» **Exercise aim**:
Transcribe all of the data verbatim, please, and leave out its pictures.
<<<<
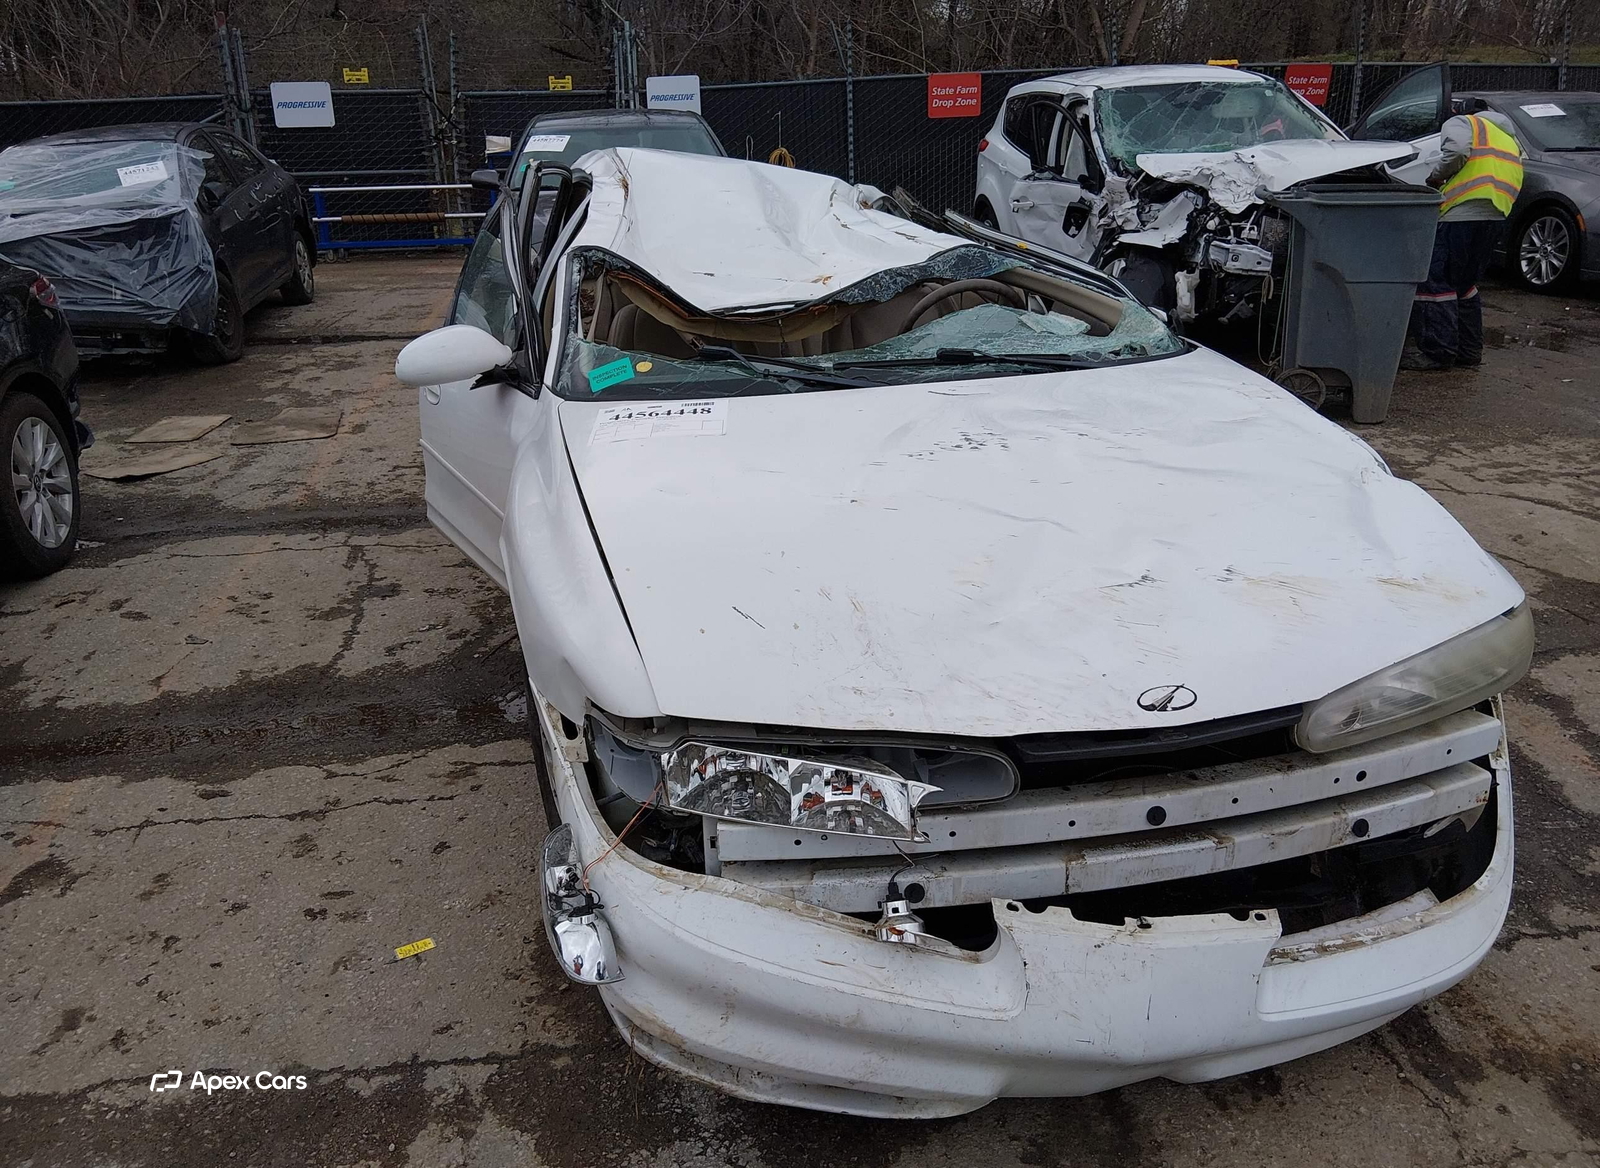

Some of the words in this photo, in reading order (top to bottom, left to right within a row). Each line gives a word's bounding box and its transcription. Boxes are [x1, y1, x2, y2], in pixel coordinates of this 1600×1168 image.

[1288, 76, 1308, 85] State
[1309, 76, 1328, 84] Farm
[932, 86, 954, 95] State
[956, 85, 978, 94] Farm
[1306, 87, 1325, 95] Zone
[650, 93, 695, 102] PROGRESSIVE
[276, 100, 327, 109] PROGRESSIVE
[932, 98, 953, 108] Drop
[955, 98, 977, 106] Zone
[592, 364, 627, 380] INSPECTION
[596, 369, 627, 384] COMPLETE
[609, 407, 712, 420] 44564448
>>>>
» **Task answer**:
Some of the words in this photo, in reading order (top to bottom, left to right within a row). Each line gives a word's bounding box and its transcription. Boxes are [x1, y1, x2, y2], in pixel coordinates of this 1600×1168 image.

[1288, 76, 1308, 85] State
[1309, 76, 1328, 84] Farm
[932, 86, 954, 95] State
[956, 85, 978, 94] Farm
[1306, 87, 1325, 95] Zone
[650, 93, 695, 102] PROGRESSIVE
[276, 100, 327, 109] PROGRESSIVE
[932, 98, 953, 108] Drop
[955, 98, 977, 106] Zone
[592, 364, 627, 380] INSPECTION
[596, 369, 627, 384] COMPLETE
[609, 407, 712, 420] 44564448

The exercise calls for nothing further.